### EXERCISE GOAL
Please set out each line below exactly as it stands, without the images.

··· RECORDS PROVIDED

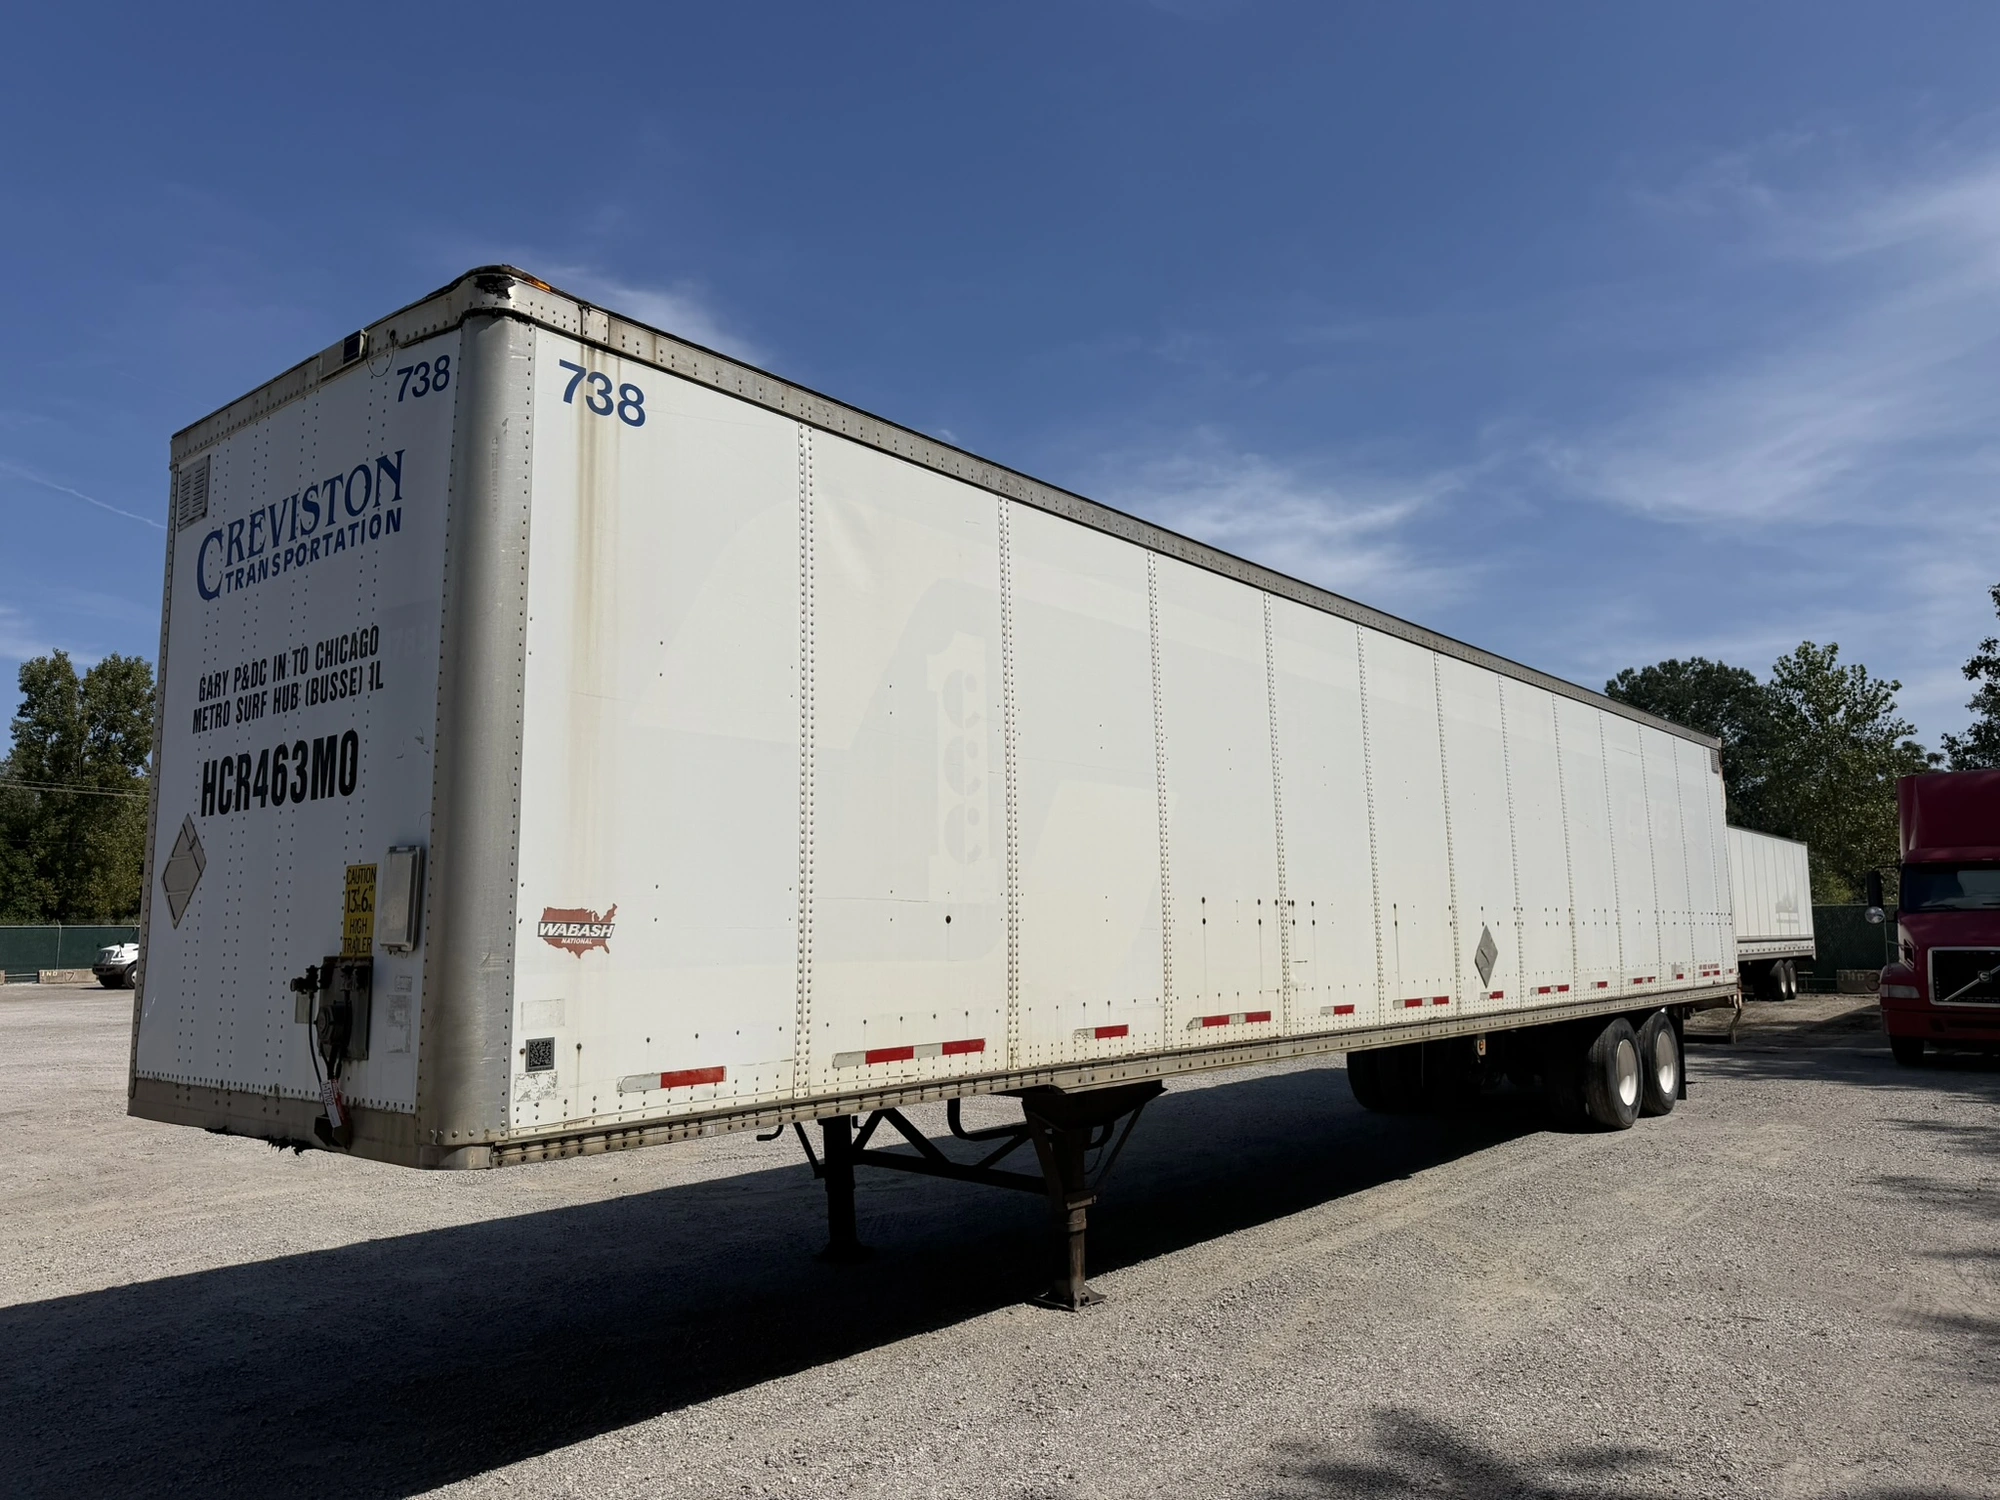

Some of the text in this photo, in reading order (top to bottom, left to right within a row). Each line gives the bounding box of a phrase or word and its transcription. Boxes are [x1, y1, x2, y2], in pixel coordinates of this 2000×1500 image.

[397, 355, 450, 402] 738
[559, 359, 646, 427] 738
[196, 449, 405, 600] CREVISTON
[224, 507, 402, 593] TRANSPORTATION
[198, 670, 229, 702] GARY
[233, 658, 267, 693] P&DC
[272, 653, 287, 682] IN
[292, 646, 309, 677] TO
[315, 625, 379, 671] CHICAGO
[192, 700, 230, 734] METRO
[235, 690, 268, 724] SURF
[273, 682, 299, 715] HUB
[305, 665, 363, 707] (BUSSE)
[346, 867, 377, 885] CAUTION
[343, 937, 372, 954] TRAILER
[349, 918, 368, 934] HIGH
[539, 923, 614, 937] WABASH
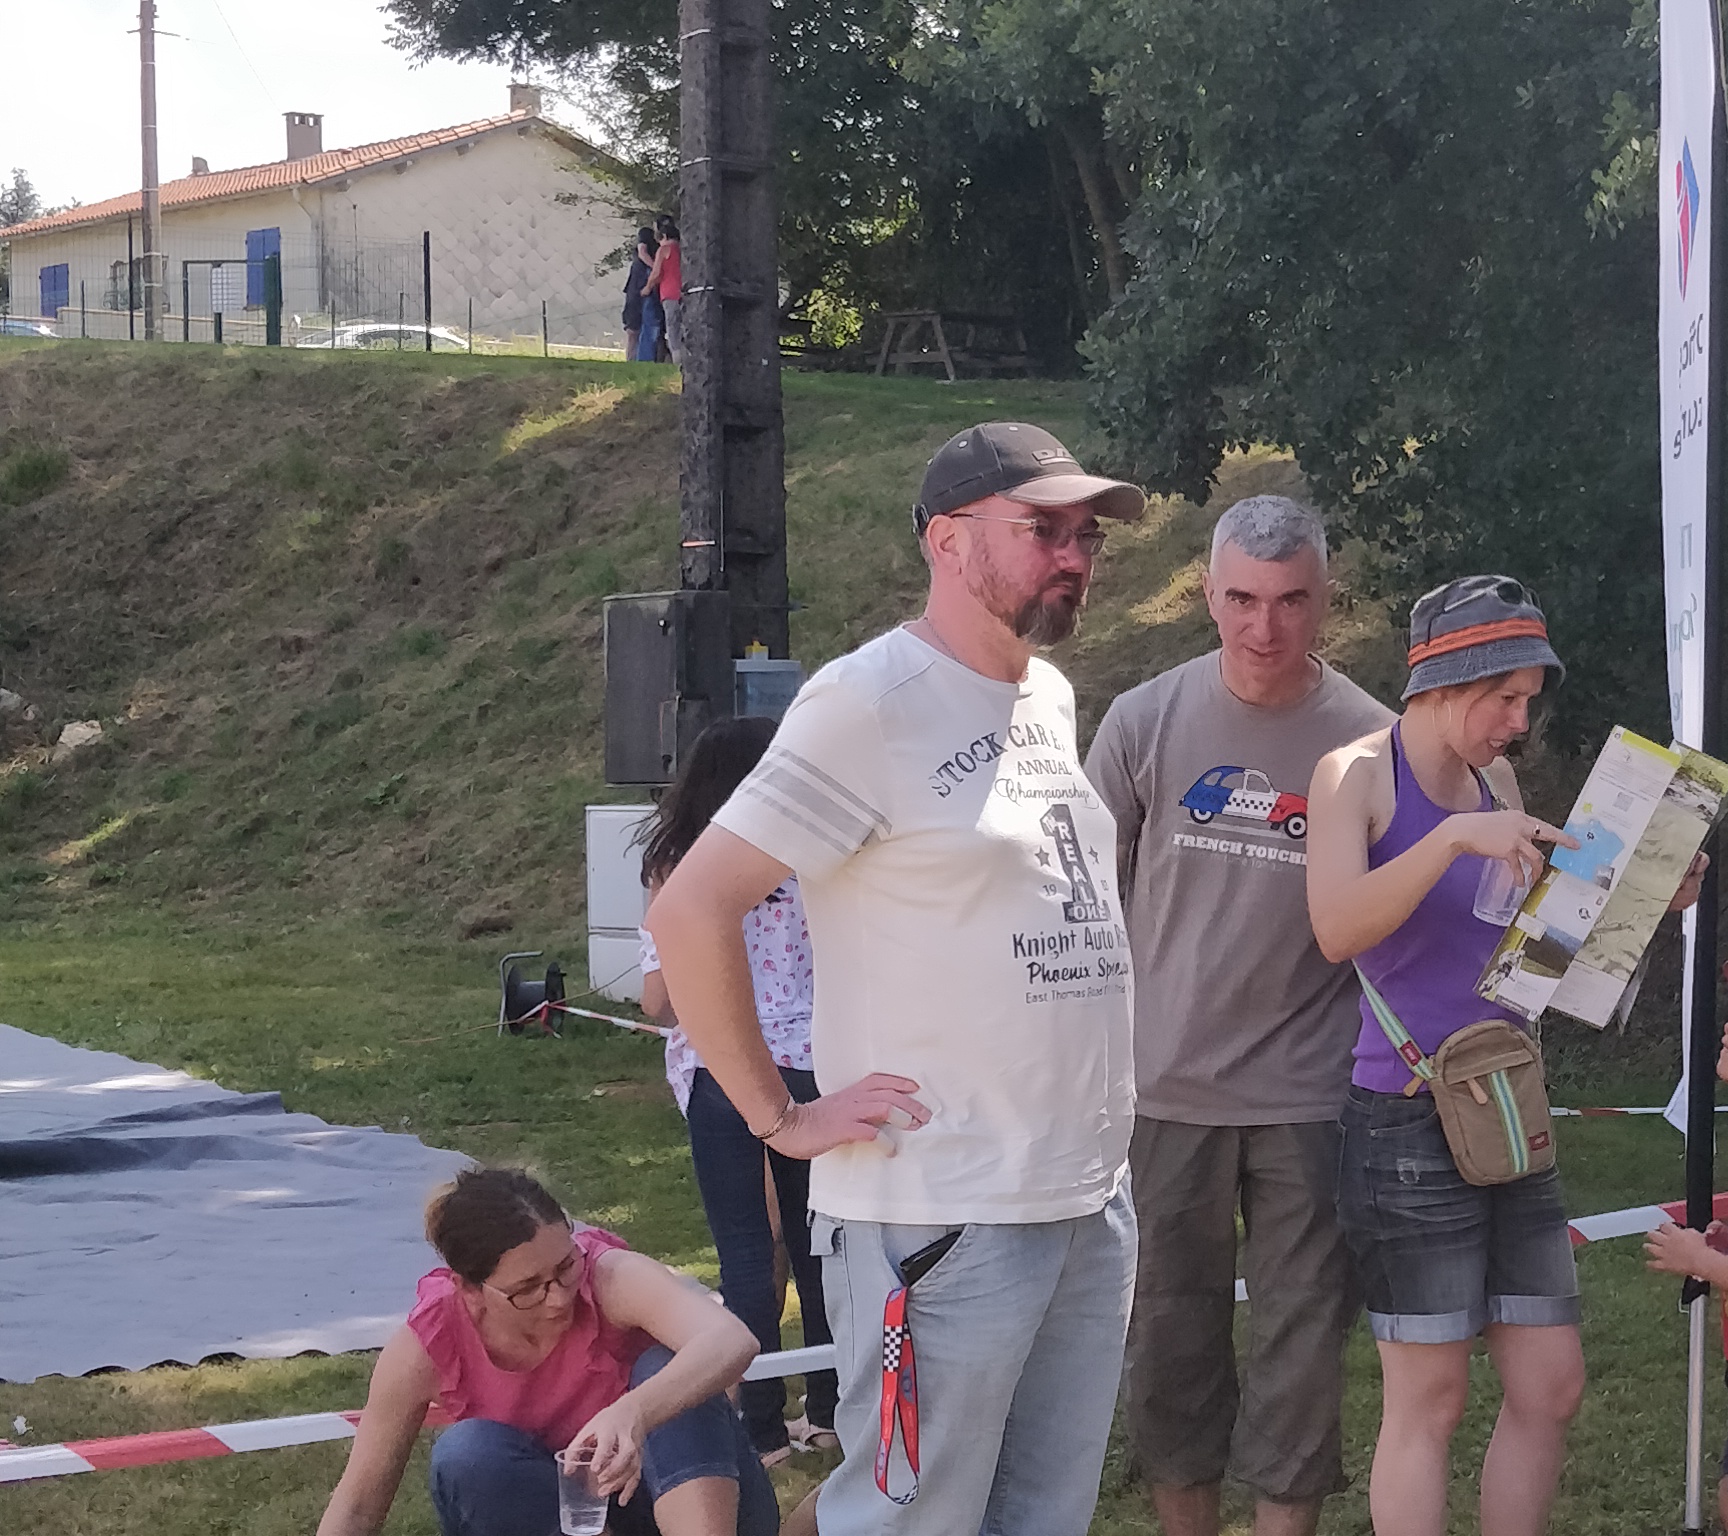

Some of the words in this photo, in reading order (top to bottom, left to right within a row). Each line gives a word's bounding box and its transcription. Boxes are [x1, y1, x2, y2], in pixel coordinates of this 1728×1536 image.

[928, 731, 1008, 799] STOCK
[1017, 759, 1072, 776] ANNUAL
[1173, 833, 1243, 855] FRENCH
[1056, 821, 1095, 904] REAL
[1042, 884, 1057, 897] 19
[1073, 900, 1108, 921] ONE
[1012, 929, 1077, 960] Knight
[1084, 926, 1114, 951] Auto
[1026, 960, 1092, 985] Phoenix
[1025, 991, 1048, 1004] East
[1051, 987, 1086, 1002] Thomas
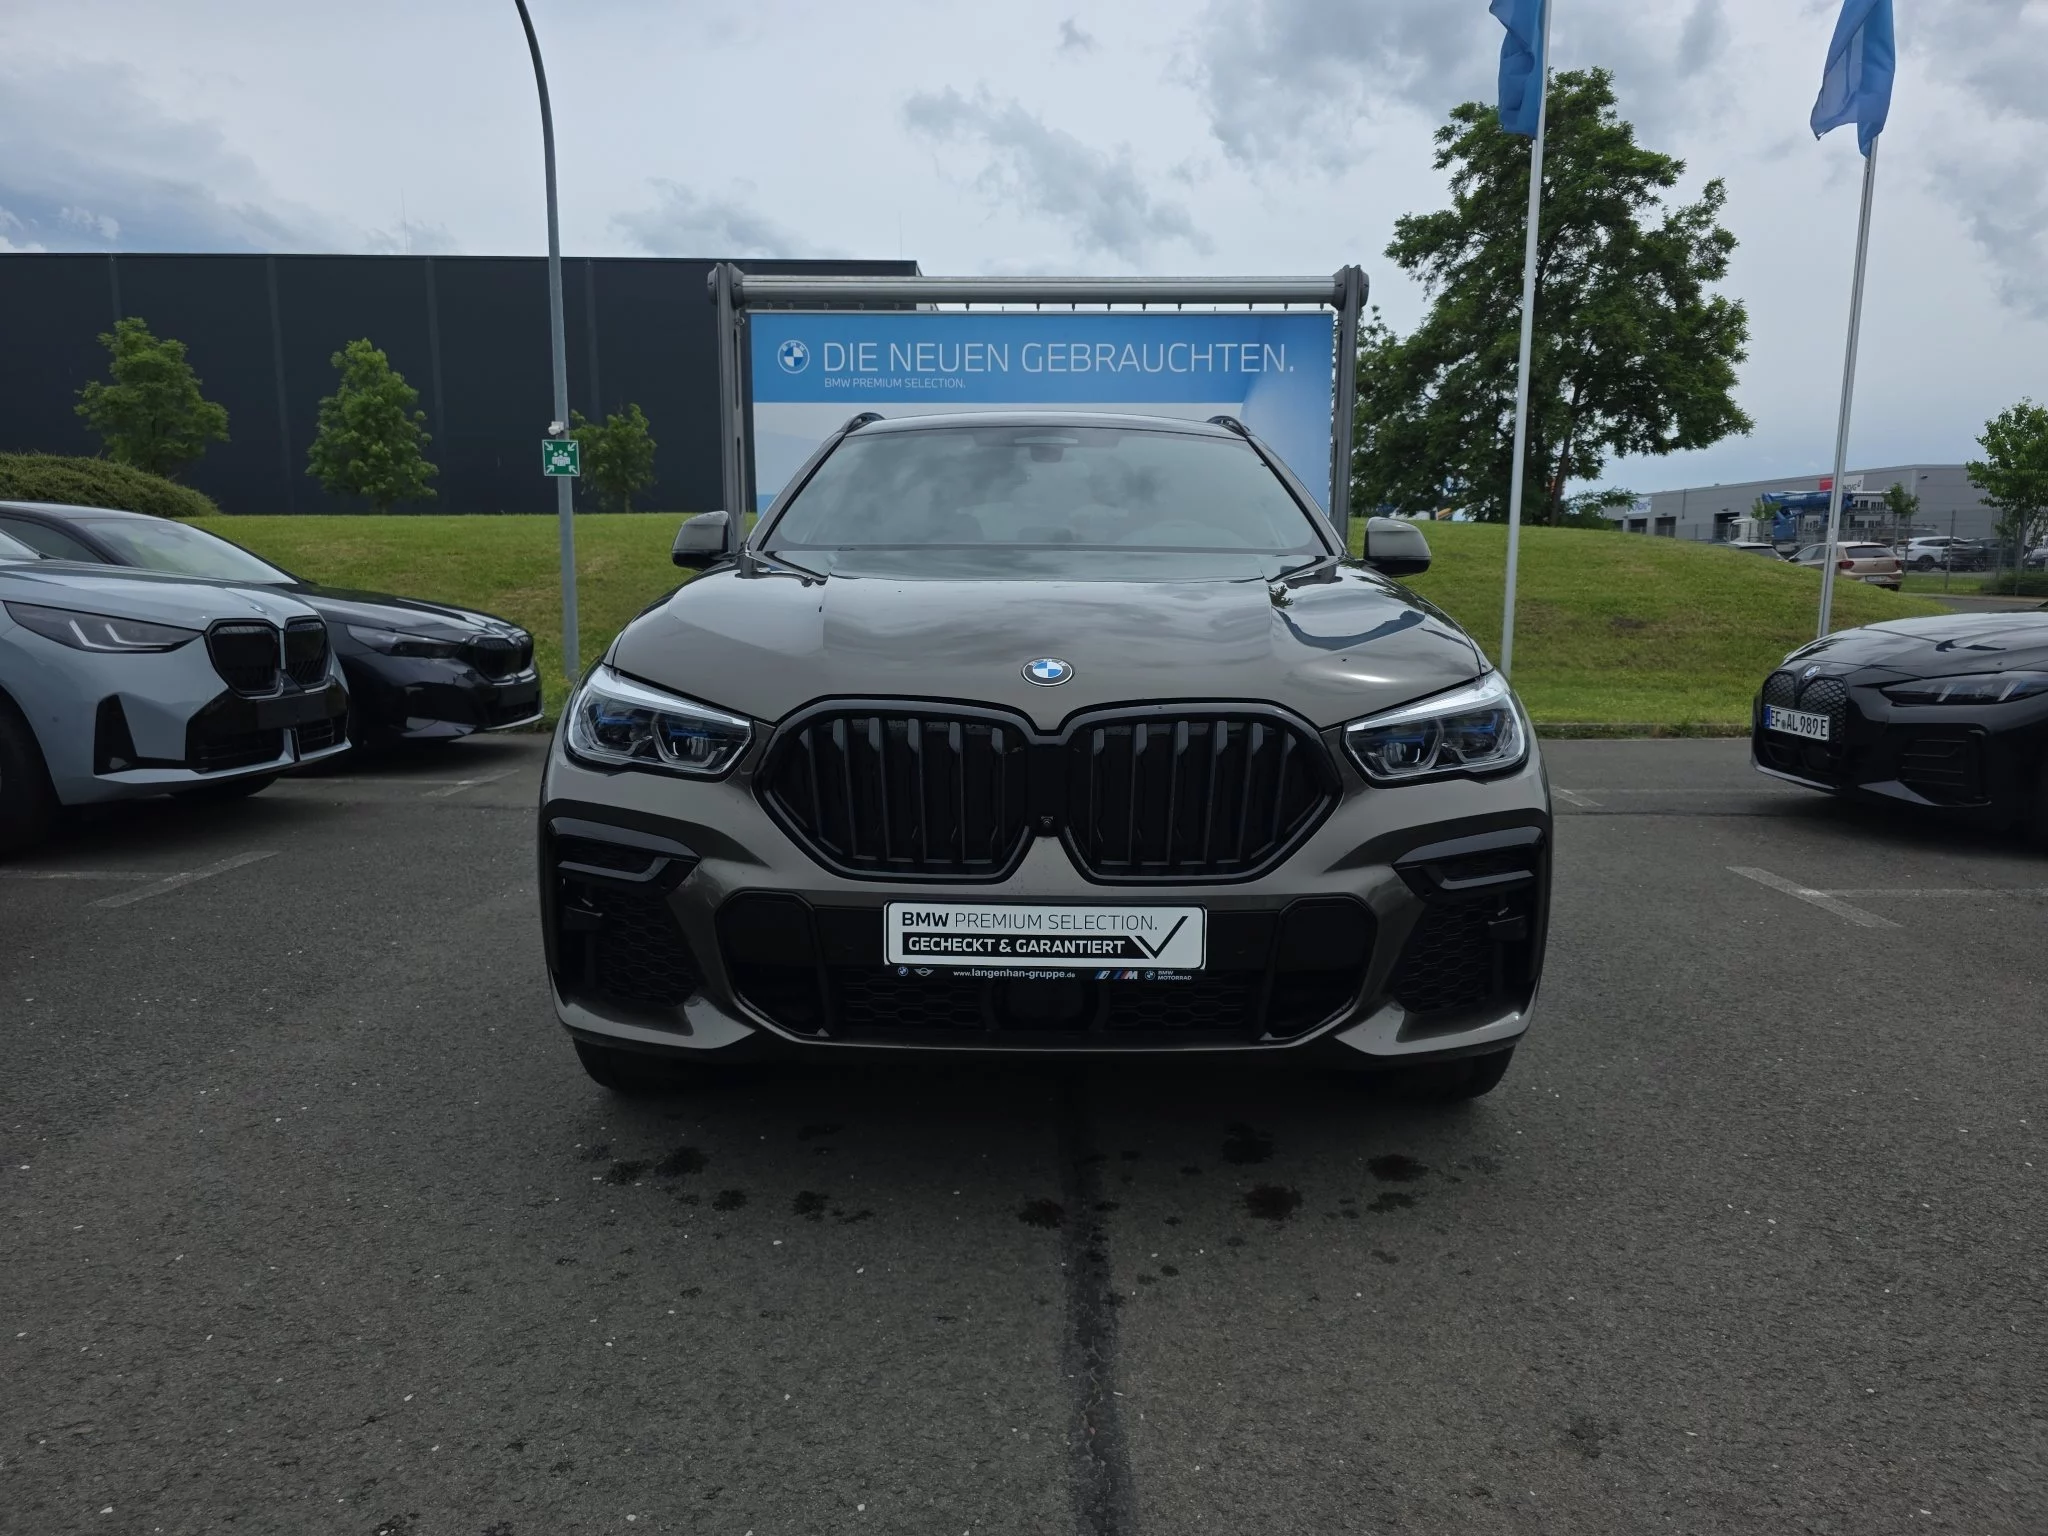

······

### FINAL ANSWER
Some of the text in this photo, in reading order (top to bottom, left to right within a row). Each line gives the bounding box of a phrase or word and its transcription. Boxes are [x1, y1, x2, y2], in pixel coordinates of this 2000×1500 image.

[397, 355, 450, 402] 738
[559, 359, 646, 427] 738
[196, 449, 405, 600] CREVISTON
[224, 507, 402, 593] TRANSPORTATION
[198, 670, 229, 702] GARY
[233, 658, 267, 693] P&DC
[272, 653, 287, 682] IN
[292, 646, 309, 677] TO
[315, 625, 379, 671] CHICAGO
[192, 700, 230, 734] METRO
[235, 690, 268, 724] SURF
[273, 682, 299, 715] HUB
[305, 665, 363, 707] (BUSSE)
[346, 867, 377, 885] CAUTION
[343, 937, 372, 954] TRAILER
[349, 918, 368, 934] HIGH
[539, 923, 614, 937] WABASH

Some of the words in this photo, in reading order (top to bottom, left to right within a row). Each line gives a word's bounding box and its transcription. Boxes are [x1, y1, x2, y2], in pixel coordinates of this 1728×1536 image.

[928, 731, 1008, 799] STOCK
[1017, 759, 1072, 776] ANNUAL
[1173, 833, 1243, 855] FRENCH
[1056, 821, 1095, 904] REAL
[1042, 884, 1057, 897] 19
[1073, 900, 1108, 921] ONE
[1012, 929, 1077, 960] Knight
[1084, 926, 1114, 951] Auto
[1026, 960, 1092, 985] Phoenix
[1025, 991, 1048, 1004] East
[1051, 987, 1086, 1002] Thomas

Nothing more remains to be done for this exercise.